Meghli

MEGHLI (RICE PUDDING)

BY TINA CHAMOUN
Serves 20 | Prep/cooking 45 mins
INGREDIENTS
  • 2 cups rice powder
  • 4 cups granulated sugar
  • 12 cups water
  • ¼ cup crawya
  • 1 ½ tbsp cinnamon powder
  • 1 tbsp blossom water
  • 1 tbsp rose water
  • 1 cup ground almonds (grind raw almonds, cook over stove-top until light gold)
PREPARATION

Everyone has their own way of making meghli, a delicious dish typically served after the birth of a child and around Christmas time. This recipe is our family’s favorite. After the meghli mixture is made, we mix in ground almonds, and plate (either a large decorative plate, or single serving dishes), then garnish with very fine coconut shreds, golden raisins, soaked and peeled almonds, pine nuts, walnuts, and ground pistachio!  I would forego your workout for the day of you plan on making this, it requires a lot of standing and stirring!
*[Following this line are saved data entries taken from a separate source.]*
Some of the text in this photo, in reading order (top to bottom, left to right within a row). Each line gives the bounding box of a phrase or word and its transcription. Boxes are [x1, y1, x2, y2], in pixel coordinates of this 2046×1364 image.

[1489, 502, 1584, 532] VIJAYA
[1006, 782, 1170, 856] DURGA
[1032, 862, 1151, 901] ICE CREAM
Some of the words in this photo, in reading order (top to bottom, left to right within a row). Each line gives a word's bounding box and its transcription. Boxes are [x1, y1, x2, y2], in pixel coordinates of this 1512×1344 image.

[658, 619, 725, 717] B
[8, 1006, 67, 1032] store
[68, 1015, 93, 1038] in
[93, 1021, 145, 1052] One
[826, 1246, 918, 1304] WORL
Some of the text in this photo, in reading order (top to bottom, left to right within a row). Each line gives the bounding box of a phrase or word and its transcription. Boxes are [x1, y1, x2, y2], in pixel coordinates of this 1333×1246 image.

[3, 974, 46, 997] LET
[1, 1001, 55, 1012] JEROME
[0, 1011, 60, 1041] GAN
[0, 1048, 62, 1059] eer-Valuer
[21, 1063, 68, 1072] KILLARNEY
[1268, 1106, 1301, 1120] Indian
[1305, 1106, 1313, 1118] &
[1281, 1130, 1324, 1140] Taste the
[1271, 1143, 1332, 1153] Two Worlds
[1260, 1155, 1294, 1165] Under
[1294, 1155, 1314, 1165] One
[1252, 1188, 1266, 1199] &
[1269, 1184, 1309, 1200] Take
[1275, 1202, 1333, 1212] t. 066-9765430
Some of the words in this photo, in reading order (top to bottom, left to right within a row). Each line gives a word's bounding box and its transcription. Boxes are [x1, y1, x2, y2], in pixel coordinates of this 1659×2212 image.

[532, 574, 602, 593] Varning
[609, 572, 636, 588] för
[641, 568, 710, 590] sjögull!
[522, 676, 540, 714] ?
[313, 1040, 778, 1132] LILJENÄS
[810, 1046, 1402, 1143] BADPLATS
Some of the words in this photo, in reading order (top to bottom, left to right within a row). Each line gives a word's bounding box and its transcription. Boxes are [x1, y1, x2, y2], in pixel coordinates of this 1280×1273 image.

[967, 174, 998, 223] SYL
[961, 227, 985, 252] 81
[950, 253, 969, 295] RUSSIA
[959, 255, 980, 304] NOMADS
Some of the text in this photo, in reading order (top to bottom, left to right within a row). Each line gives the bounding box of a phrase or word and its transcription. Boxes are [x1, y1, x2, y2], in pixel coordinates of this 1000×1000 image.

1. Mix all the DRY ingredients (except for the almonds) in large pot.

2. Set pot over medium heat and mix in the water, slowly, constantly stirring from beginning to end.

3. When boil starts, add blossom water and rose water. Set to low heat and stir while boiling for 2 minutes.

4. Mix in the almonds.

5. Set aside to cool.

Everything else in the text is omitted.